Determinism in Western tradition
The idea that the entire universe is a deterministic system has been articulated in both Western and non-Western religion, philosophy, and literature. The Ancient Greek atomists Leucippus and Democritus were the first to anticipate determinism when they theorized that all processes in the world were due to the mechanical interplay of atoms, but this theory did not gain much support at the time. Determinism in the West is often associated with Newtonian physics, which depicts the physical matter of the universe as operating according to a set of fixed, knowable laws. The "billiard ball" hypothesis, a product of Newtonian physics, argues that once the initial conditions of the universe have been established the rest of the history of the universe follows inevitably. If it were actually possible to have complete knowledge of physical matter and all of the laws governing that matter at any one time, then it would be theoretically possible to compute the time and place of every event that will ever occur (Laplace's demon). In this sense, the basic particles of the universe operate in the same fashion as the rolling balls on a billiard table, moving and striking each other in predictable ways to produce predictable results.

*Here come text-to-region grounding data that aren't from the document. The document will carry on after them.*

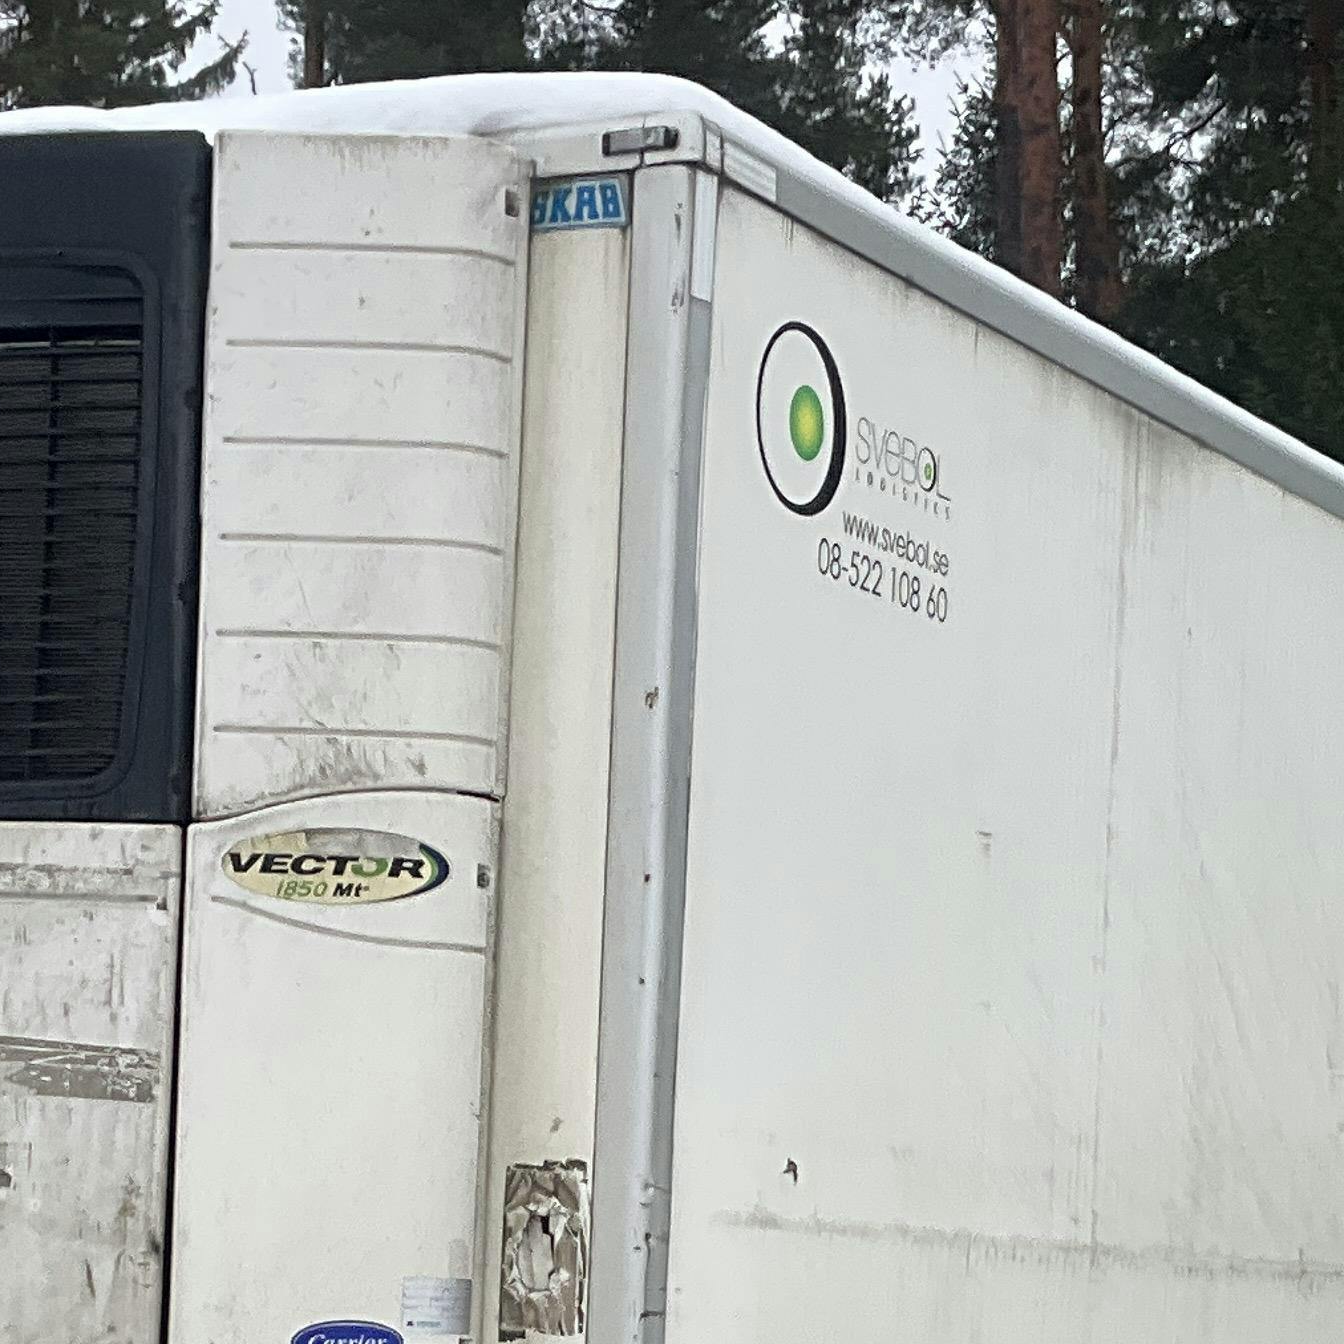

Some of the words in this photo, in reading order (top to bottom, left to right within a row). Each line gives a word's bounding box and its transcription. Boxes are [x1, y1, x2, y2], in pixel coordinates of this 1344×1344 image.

[842, 510, 950, 576] www.svebol.se
[818, 537, 883, 598] 08-522
[890, 566, 921, 612] 108
[926, 584, 948, 623] 60
[228, 852, 425, 879] VECTOR
[275, 879, 327, 898] 1850

Whether or not it is all-encompassing in so doing, Newtonian mechanics deals only with caused events, e.g.: If the original position of an object is x, y, z, and if it is hit dead on by an object moving along some vector V, then it will be pushed straight toward another point x', y', z'. If it goes somewhere else, the Newtonians argue, one must question one's measurements of the original position of the object, the exact direction of the object moving on V, gravitational or other fields that were inadvertently ignored, etc. Then, they maintain, repeated experiments and improvements in accuracy will always bring one's observations closer to the theoretically predicted results. When dealing with situations on an ordinary human scale, Newtonian physics has been so enormously successful that it has no competition. But it fails spectacularly as velocities become some substantial fraction of the speed of light and when interactions at the atomic scale are studied. Prior to the discovery of quantum effects and other challenges to Newtonian physics, "uncertainty" was always a term that applied to the accuracy of human knowledge about causes and effects, and not to the causes and effects themselves.
Determinism in Eastern tradition
In the East, determinism has been expressed in the Buddhist doctrine of Dependent Origination, which states that every phenomenon is conditioned by, and depends on, the phenomena that it is not. A common teaching story, called the Net of Indra, illustrates this point. A vast auditorium is decorated with mirrors and/or prisms hanging on strings of different lengths from an immense number of points on the ceiling. One flash of light is sufficient to light the entire display since light bounces and bends from hanging bauble to hanging bauble. Each bauble lights each and every other bauble. So, too, each of us is "lit" by each and every other entity in the Universe. In Buddhism, this teaching is used to demonstrate that to ascribe special value to any one thing is to ignore the interdependence of all things. Volitions of all sentient creatures determine the seeming reality in which we perceive ourself as living, rather than a mechanical universe determining the volitions which humans imagine themselves to be forming.
In the story of the Net of Indra, the light that streams back and forth throughout the display is the analog of karma. The word "karma" does not mean anything like "the result of a past good or bad action." "Karma" refers to an action, or, more specifically, to an one's life as one's project.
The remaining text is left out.